Sunday, November 21, 2004

Reality check

It's been a while since my last post, as many of you have noticed. While there's plenty to write about Japan, a couple of things have kept me from my keyboard. The first is my work schedule, which sometimes leaves me feeling too exhausted to write. The other reason is that I've been processing so much stuff over the past five months or so that I felt like I just needed some time to step back and look at it from a new perspective.

Most of my first few months in Tokyo were spent trying to get around, find housing, deal with the intense heat, earthquakes and typhoons, adapt to my new job, and adjust to the problematic bureaucratic system here.

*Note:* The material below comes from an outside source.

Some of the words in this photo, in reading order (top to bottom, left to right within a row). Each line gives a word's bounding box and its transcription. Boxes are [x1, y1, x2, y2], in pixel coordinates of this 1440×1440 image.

The past couple of months, while I wasn't writing in my blog, I've been processing everything I've experienced so far in Japan and trying to decide what to think about it all.

While I never thought it would happen, I think I went through a bit of culture shock recently. Everything about Tokyo really started to get on my nerves and irritated me.

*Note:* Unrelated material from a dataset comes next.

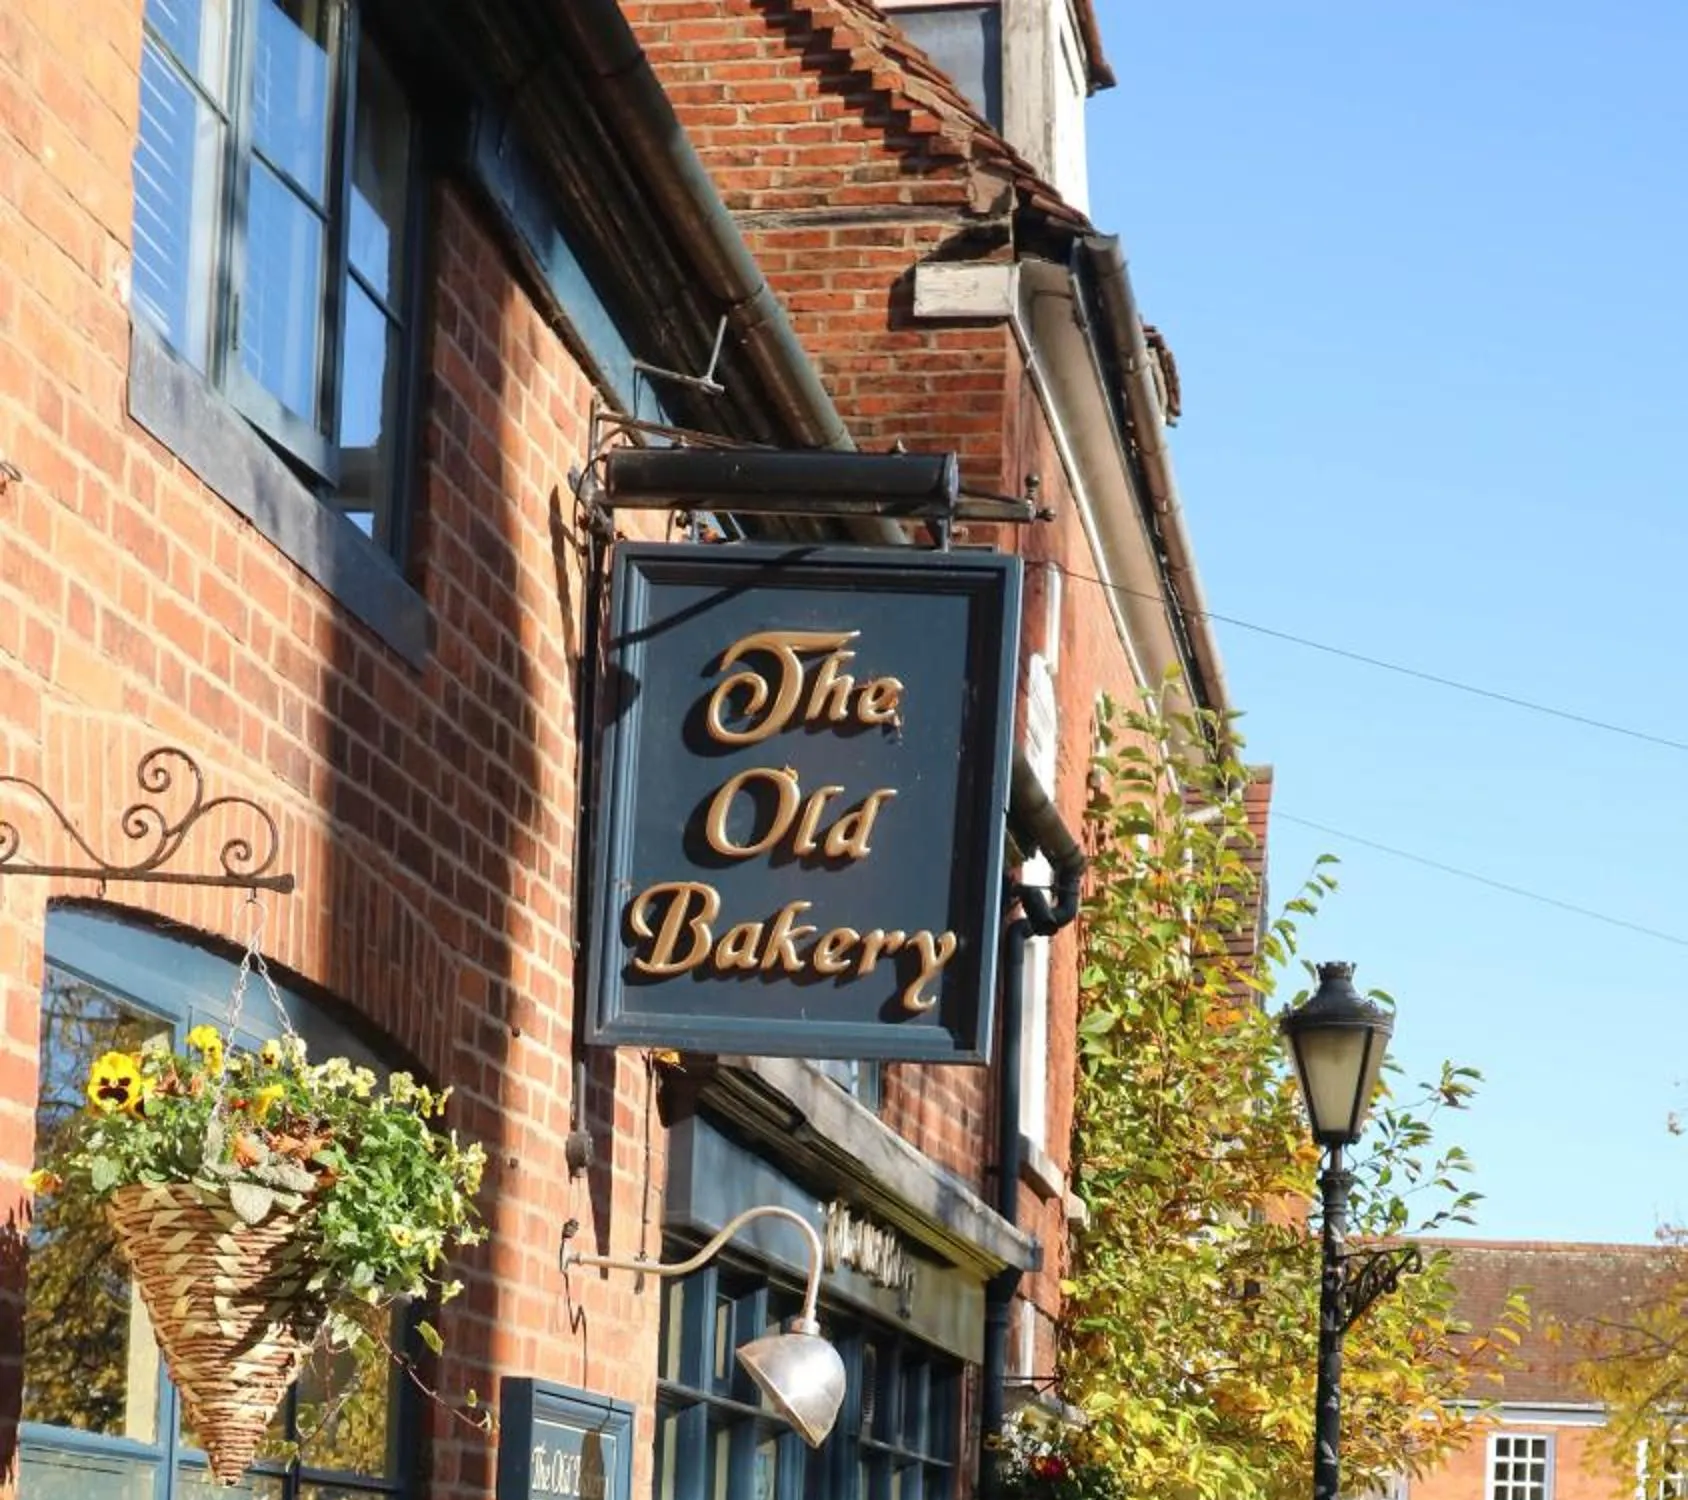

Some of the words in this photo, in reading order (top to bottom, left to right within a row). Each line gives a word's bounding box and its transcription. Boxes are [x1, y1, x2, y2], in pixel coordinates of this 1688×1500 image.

[706, 630, 905, 744] The
[705, 767, 897, 859] Old
[631, 882, 957, 1011] Bakery

Especially the unnecessary noise.

In a city where there are about 12 million people, there's already enough noise. Trust me. We don't need added noise from such things as pickup trucks driving around neighborhoods with PA systems announcing their desire to acquire your old, used "mini-compus" (computers), CD players, etc.

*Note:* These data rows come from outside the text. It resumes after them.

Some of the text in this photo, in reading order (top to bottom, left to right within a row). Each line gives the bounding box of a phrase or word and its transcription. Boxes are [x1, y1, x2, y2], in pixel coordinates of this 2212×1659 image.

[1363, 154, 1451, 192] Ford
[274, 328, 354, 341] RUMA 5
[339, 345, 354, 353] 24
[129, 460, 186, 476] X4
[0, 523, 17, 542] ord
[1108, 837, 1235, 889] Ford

Then there are the garbage trucks with their own PA system that sounds like a phone ringing, with a recording reminding people that they're picking up trash. On the trucks that don't have a PA system, there's the repeated yell of the trash collectors as the truck backs up to the pile of trash, which sounds something like "OYE OYE OYE OYE OYE" barked out in the loudest voice. What's that about?

Been to the supermarket lately? There's another whole world of noise, especially on weekends! It seems that almost every aisle, and particularly the fresh fish, meat, and produce aisles, have men yelling out the specials of the day. Try walking down the frozen dessert aisle, and you'll hear a boombox advertising "aisu creamu" or something that sounds like that. It seems that no matter which aisle you try, there are boomboxes or shouting clerks everywhere! I want to shout back: can everyone just be quiet? (or worse, depending on my mood at the time)!

Another annoyance is the thriving ambulance business here in Tokyo. Together with the constant police car sirens, it would seem that there are more "emergencies" than people living in Tokyo! Is it really necessary to race through narrow streets, sirens blasting, to deliver an elderly sick person to the hospital? I would think the patient riding inside would suffer more stress and physical harm from the rush to the hospital than from any illness of an emergency nature. UPDATE NOTE: I talked with a medical doctor about the use of ambulances in Tokyo; he said that most ambulance visits are not true emergencies but rather people with fevers! It seems that the government pays for ambulance trips so people use them freely!)

There are also the street vendors selling fresh tofu or hot, grilled sweet potatoes. The tofu vendors use some type of mouth-blown horn to announce themselves as they pull their cart through the streets. The sound is two notes, with the last note higher than the first. The sweet potato vendors have another attention-grabbing pitch, but I seem to have blocked it out at the moment.

Trains are another constant source of noise. They have all sorts of Train Platform Jingles, announcements and other mind-numbing noises--including the intense screeching of wheels as they go around curves. The jingles are irritating in that they always sound so urgent! People are rushed enough, yet the train system seems to think they need to be rushed even more.

But, worst of all I think, are the incredibly nasal shop girls as they hawk outside their shops in the train stations or on busy street corners! Where did they get those voices? They're absolutely eardrum-piercing!

Now that I've gotten some of the unnecessary noisemaking off my chest, I will post a column soon about the unrestrained and unavoidable bureaucracy.

I know that writing about these things is cathartic, and that I will soon grow to love Tokyo again, but for now there are so many things that just make no sense at all. Because I want to remember all the feelings I've experienced while in Japan, I've included them in this blog. It doesn't mean that I'm not having a good time over here. I really am, but in all honesty, I feel I must include those things I've had to confront as a foreigner--the things that can make living here a challenge. To omit them would be to give the impression that everything is perfect here, and it's not. But then no where's perfect, right?